Scottish cyclists urged to join campaign for safer roads

Graeme Obree set to join second Pedal on Parliament rally ride

A grassroots campaign group hope to mobilise thousands of passionate cyclists to demand more money and resources be spent on cycling infrastructure and safety in Scotland.

On Sunday 19 May, cyclists from around the country are set to join the second Pedal on Parliament (POP) rally in Edinburgh, to demand politicians give cycling a bigger slice of the transport budget for extra measures to make roads safer. Examples include 20mph speed limits and action on lorry danger.

Greame Obree, a retired pro who held the world hour record, will attend the rally. The group have also secured support from Scotland’s most famous Olympian, Sir Chris Hoy.   
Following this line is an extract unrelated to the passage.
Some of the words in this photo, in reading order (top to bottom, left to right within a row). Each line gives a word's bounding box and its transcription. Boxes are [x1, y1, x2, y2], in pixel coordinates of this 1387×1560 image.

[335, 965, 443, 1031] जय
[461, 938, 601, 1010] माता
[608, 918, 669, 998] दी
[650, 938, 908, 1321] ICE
Last year, 3,000 people joined Pedal on Parliament’s first ride, campaign organiser Sally Hinchcliffe told BikeRadar: “Last time we were thrown completely because I think we had a Facebook group and 200 people signed up and 3,000 people came. [This year] it feels like there’s a lot of momentum just seeing all the feeder rides that are being planned, but a lot will depend on the weather.” 
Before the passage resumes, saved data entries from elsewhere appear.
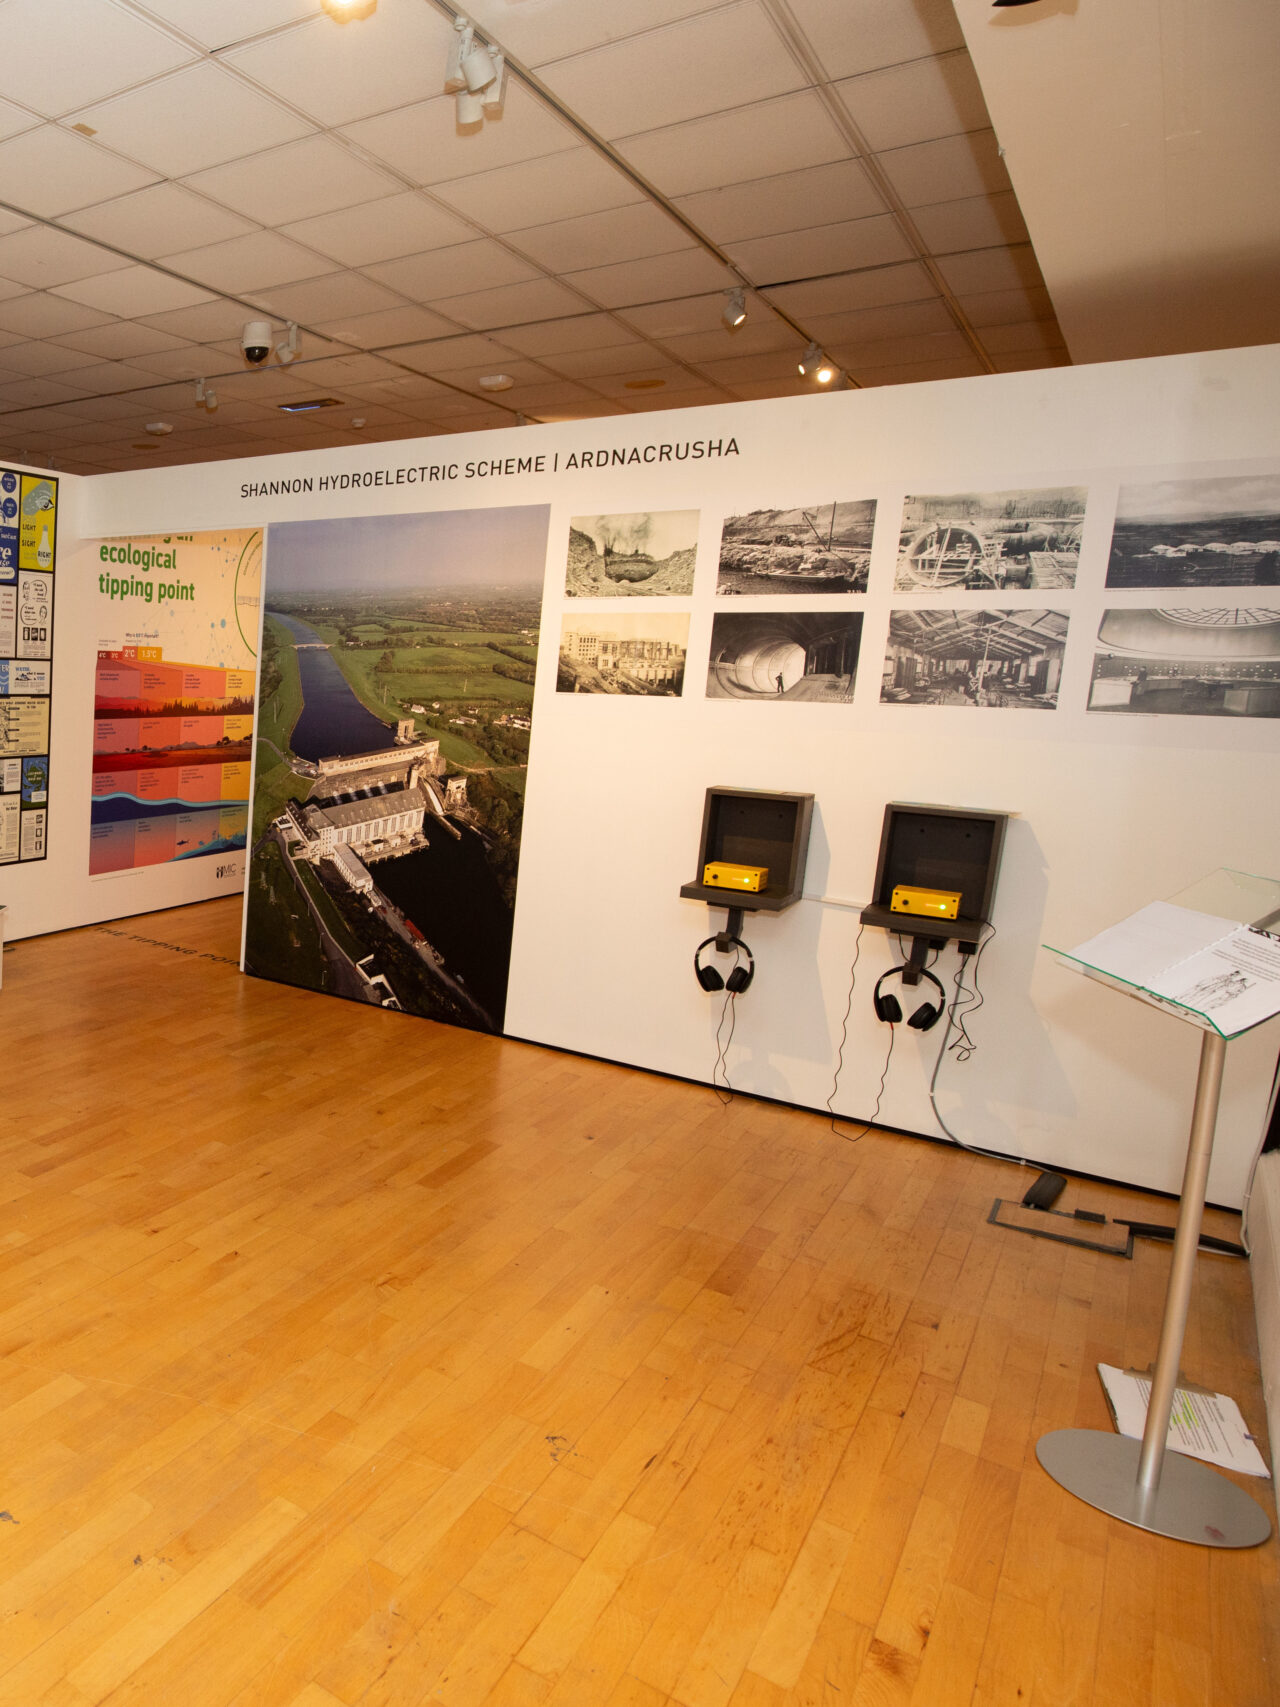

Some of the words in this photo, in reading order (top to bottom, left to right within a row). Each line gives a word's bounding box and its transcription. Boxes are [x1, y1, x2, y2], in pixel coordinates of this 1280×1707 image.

[240, 478, 313, 498] SHANNON
[319, 463, 459, 491] HYDROELECTRIC
[465, 455, 546, 478] SCHEME
[565, 437, 740, 470] ARDNACRUSHA
[100, 543, 176, 572] ecological
[99, 572, 153, 603] tipping
[158, 579, 195, 604] point
The organisation have developed an eight point manifesto, which they say will help the country achieve the national aim to have 10 percent of all journeys made by bike by 2020.

Hinchcliffe said there had been “warm words” from politicians but little meaningful action to improve conditions for Scottish cyclists in the year since the first rally. “What we’ve had is really warm words. We had the first minister [Alex Salmond] saying you’re pushing on an open door,” she said.  
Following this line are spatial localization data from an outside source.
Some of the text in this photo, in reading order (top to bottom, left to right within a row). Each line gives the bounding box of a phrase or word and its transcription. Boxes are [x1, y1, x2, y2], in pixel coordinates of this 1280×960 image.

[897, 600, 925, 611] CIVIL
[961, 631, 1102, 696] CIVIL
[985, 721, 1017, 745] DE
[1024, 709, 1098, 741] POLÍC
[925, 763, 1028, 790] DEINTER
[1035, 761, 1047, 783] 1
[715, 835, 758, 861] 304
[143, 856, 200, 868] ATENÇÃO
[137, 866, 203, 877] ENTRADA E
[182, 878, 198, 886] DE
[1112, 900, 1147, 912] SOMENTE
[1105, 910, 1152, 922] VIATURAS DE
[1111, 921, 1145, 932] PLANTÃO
Pedal on Parliament’s manifesto includes increasing cycling investment to £25 per head a year, incorporating cycle lanes into new road planning, and encouraging better research to help politicians make decisions that favour cyclists.

Hinchcliffe said that the Get Britain Cycling report unveiled at Westminster in April had resonated in Scotland too, but that many of the recommendations wouldn’t apply north of the border because transport is a devolved issue.

She also criticised the Scottish government’s current Cycling Action Plan for Scotland (CAPS): “Scotland’s got the Cycling Action Plan, which is nothing like a plan really. Something like the Get Britain Cycling report is much more the sort of thing that would have achieved the 10 percent [of journeys made by bike] that Scotland is supposedly going for.”